The Metrics module helps you to set and track key performance indicators and gain other meaningful business insights from your OH&S data. You can perform dynamic analyses on various measures, including both data collected in Cority’s modules and also company-specific or “custom” data.
The Metrics module uses the following terms and concepts:
A measure is a value (or measurement) of data that you would like to visualize in the Data Cube. Measures are typically numeric, e.g. a count or a rate, such as case count. Cority includes standard measures (called Cority measures), such as incident count. You can also capture custom measures, such as targets (e.g incidents or inspections), energy usage rates, production rates, or industry benchmark information.
A dimension describes how you want to categorize, organize, and aggregate the data, e.g. by location. Each Data Cube has a unique set of dimensions that can be used to portion the data for granularity. Each Cority measure has its own set of dimensions which change accordingly. Dimensions are inherently tied to measures; that is, dimensions are measure-dependent. A dimension that is available for one measure might not be available for another.

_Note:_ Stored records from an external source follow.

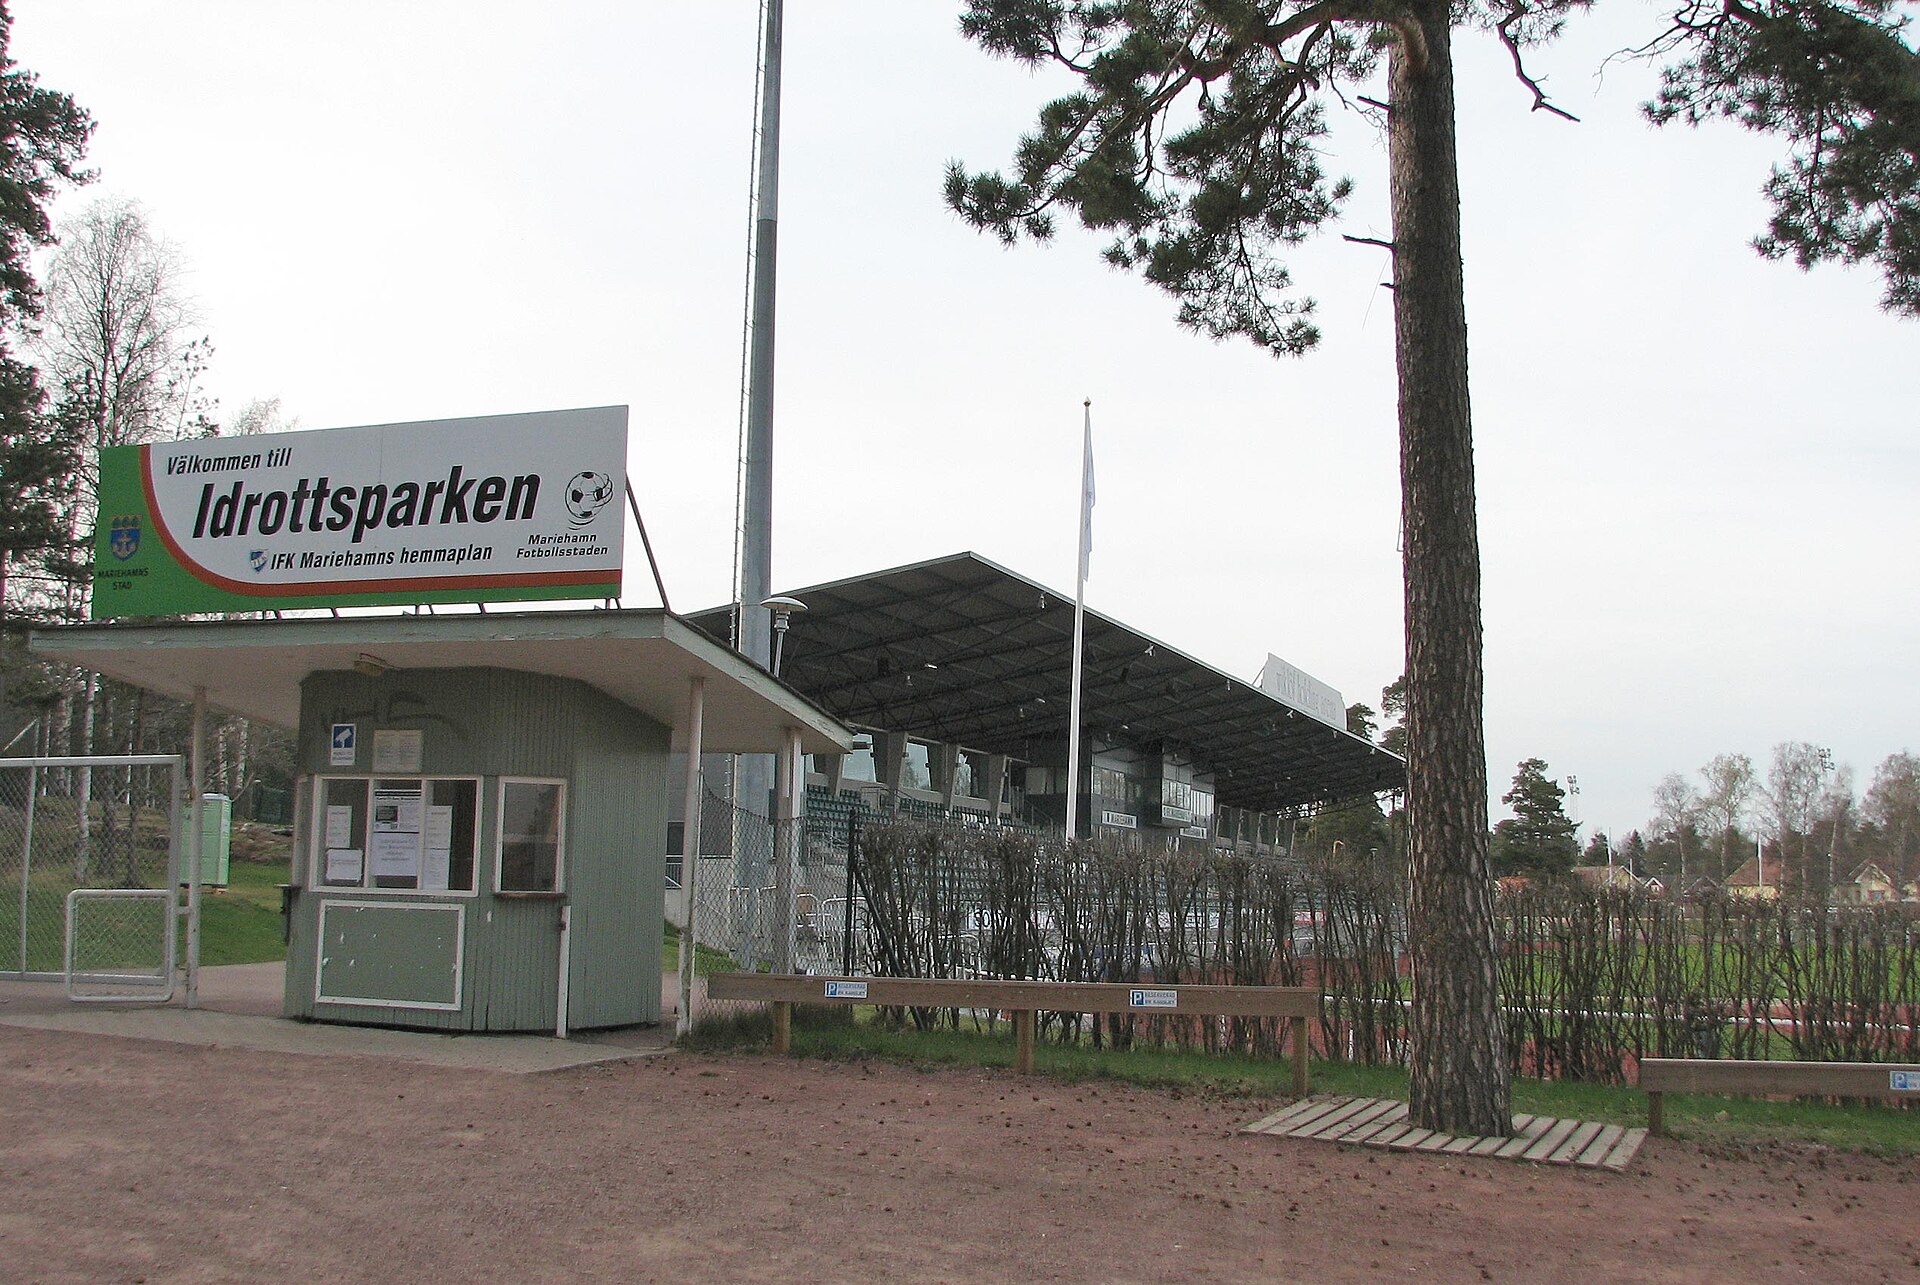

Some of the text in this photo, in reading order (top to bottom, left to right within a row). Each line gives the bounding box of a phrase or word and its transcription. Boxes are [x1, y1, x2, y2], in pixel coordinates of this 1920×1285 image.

[167, 448, 293, 475] Välkommen till
[192, 465, 541, 543] Idrottsparken
[528, 533, 597, 545] Mariehamn
[270, 552, 296, 570] IFK
[300, 550, 395, 569] Mariehamns
[400, 543, 493, 565] hemmaplan
[516, 545, 608, 558] Fotbollsstaden
[98, 567, 149, 578] MARIEHAMNS
[113, 581, 133, 591] STAD
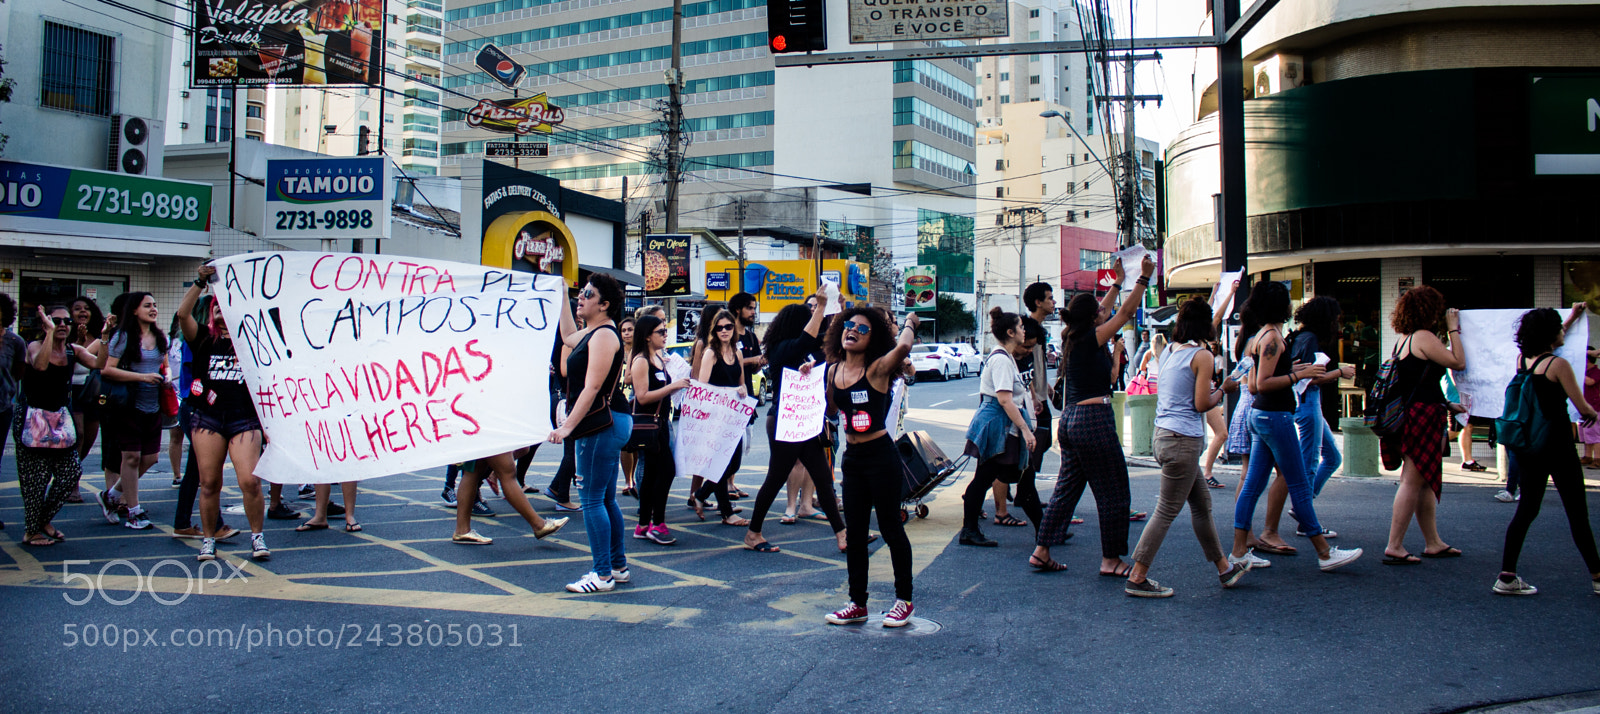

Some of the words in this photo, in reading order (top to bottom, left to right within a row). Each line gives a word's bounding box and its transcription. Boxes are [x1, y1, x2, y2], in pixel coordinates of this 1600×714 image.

While “time” is also a dimension, it is chosen separately when constructing the Data Cube.
Custom metrics define your custom measures. You define the time dimension (or recurrence frequency, and start/end date) and the locations or areas to which it applies. For example, you can create a custom metric to capture incident targets annually for a specific location. These custom metrics are assigned to users to record the metric entry (the measure) on a one-time or recurring basis; they can also be associated to related equipment, legal requirements, permits, inspections, and findings and actions. A custom metric can be calculated using an equation that takes into account other custom or standard measures.
A data cube allows the data to be modeled and viewed in Data or Visual view. The Data Cube factors in a dimension (or time dimension), and one or more measures. You can combine Cority measures and custom measures in the Data Cube as long as the dimension(s) chosen for the Data Cube do not conflict with the built-in dimensions defined as part of the custom metric. A Data Cube is useful for comparing actual values to targets (custom values) within the same graph.
For examples of building Data Cubes, see Data Cube Examples.
The workflow for capturing custom metrics data is as follows:
An administrator defines a custom metric, including recurrence, and assigns it to one or more users (see Setting Up Custom Metrics). Multiple metrics for the same topic or program that share the same elements can be combined into a campaign (see Grouping Metrics into a Campaign) for easier completion.
An email notification can be sent to the assigned user(s). The metric entry also appears in the assignee’s My Metrics list.
The assignee completes the metric entry (see Viewing Your Metrics List).
The administrator reviews and approves the metric entry. This may be a separate process if an approval workflow has been created for the campaign (see Using Approval Workflows for a Campaign).
Approved metric entries are available for use in the Data Cube (see Using the Data Cube).